Most of the 1,400 such plans in the U.S. are in decent shape.
But about 130 covering more than 1 million truck drivers, iron workers, bakers, miners and others are in big trouble, according to the Pension Rights Center. Without action, workers covered by those plans are looking at pension cuts of up to 70%.
“This crisis is severe and gets worse every day. Around 125 multi-employer plans have said they’ll become insolvent over the next two decades,” Grassley said in a statement.
Among the plans getting the most attention in Congress is the Central States Pension Fund, which is on track to go broke in 2025.
The fund, which provides pension benefits primarily for retired Teamsters truck drivers, is among the biggest in the country, covering nearly 400,000 retirees and people hoping to collect a pension from the fund. More than 40,000 of those people are in Ohio.

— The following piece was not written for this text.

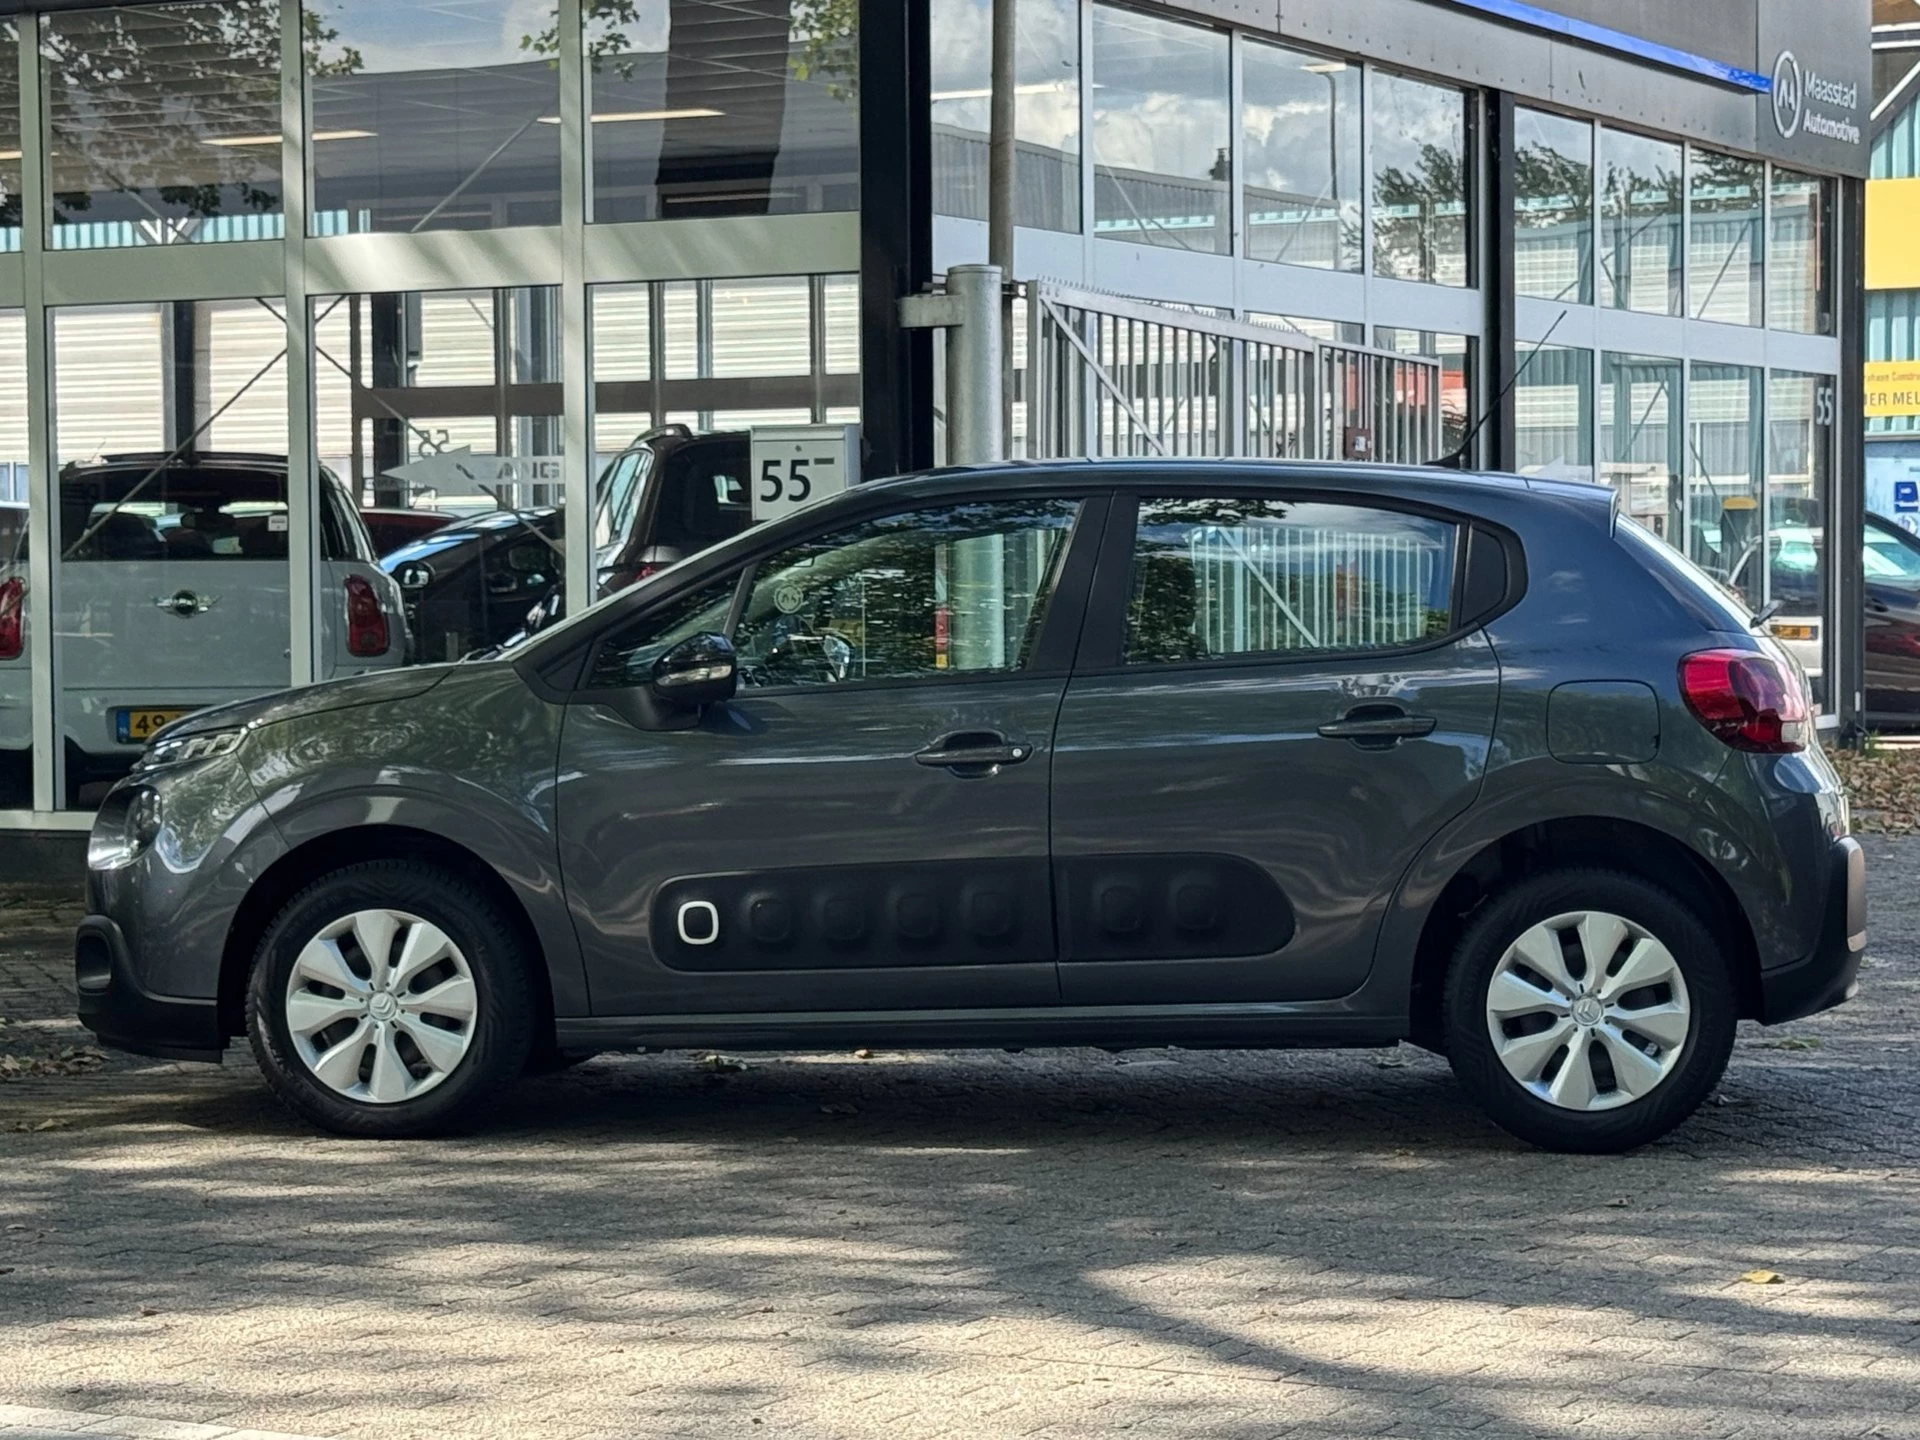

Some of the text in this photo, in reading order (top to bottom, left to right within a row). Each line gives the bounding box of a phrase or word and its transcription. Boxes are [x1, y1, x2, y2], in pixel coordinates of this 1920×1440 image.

[1804, 70, 1857, 109] Maasstad
[1803, 109, 1860, 144] Automotive
[1816, 387, 1833, 426] 55
[760, 459, 811, 502] 55

Earlier this year, the House passed its version, which includes a federal loan program that struggling funds could tap to get back on solid footing. The estimated cost of the program to taxpayers from 2020 through 2029 is $64 billion, according to the Congressional Budget Office.
The version Grassley and Alexander have introduced would do a combination of things meant to stabilize the funds and the Pension Benefit Guarantee Corp., which serves as the federal backup when plans fail.
The Pension Benefit fund has its own set of troubles and is running a $65.2 billion deficit.
The Grassley-Alexander proposal would require retirees to pay a “co-payment” to the Pension Benefit fund of up 10% of their pension benefits, an amount Grassley says is less than the cuts retirees would face if their plans failed. Older retirees and those with disabilities would be protected.
It also would allow troubled funds to shift a portion of their liabilities to the Pension Benefit fund.
Employer premiums to the fund would be increased as well while retirees whose funds do fail would get a bigger maximum monthly guarantee than the current $1,073.
Finally, the federal government would put an unspecified amount of tax dollars into the Pension Benefit fund. That would be paired with reforms meant to protect taxpayers, Grassley said.
The National United Committee to Protect Pensions, led by Ohioan Mike Walden, a retired truck driver who has been working on this issue for seven years, welcomed the proposal.
“We were waiting for something to come from the Republicans,” Walden said.
Walden is urging quick hearings on the legislation to get everyone involved up to speed on the proposal, saying that the cost to fix the funds gets larger as more time passes without action.
“This is going to affect taxpayers whether they like it or not,” he said.
While the group believes the plan has the framework to address the problems, Walden believes the government may have to provide more help to current retirees.
“As much in the proposed plan does address needed change, which has been overlooked for too long, our concern is for those that are on pensions,” the group said in a statement.
“Retirees need more consideration due to the fact that many could not go back to work, and they do not get increases or cost of living on their fixed income, which is being rapidly diminished by inflation alone.”
Walden remains hopeful that something can be done but fears any action likely won’t happen now until 2020.
Ohio Sens. Sherrod Brown and Rob Portman, who have both been working on the issue, also welcomed the introduction of the Grassley-Alexander plan.
“This shared responsibility framework represents the type of comprehensive and permanent solution that will help protect earned pensions, save taxpayers money, prevent the insolvency of the Pension Benefit Guaranty Corporation, and alleviate pressure on our economy,” the Republican Portman said.
Brown, a Democrat, said he has concerns with provisions in the bill but is looking forward to working with Portman and Grassley on a solution.
“These workers, retirees and small businesses did everything right,” Brown said. “Congress has a responsibility to protect the pensions they worked hard for and earned. We need to act now, before it is too late. Failure is not an option for millions of Americans.”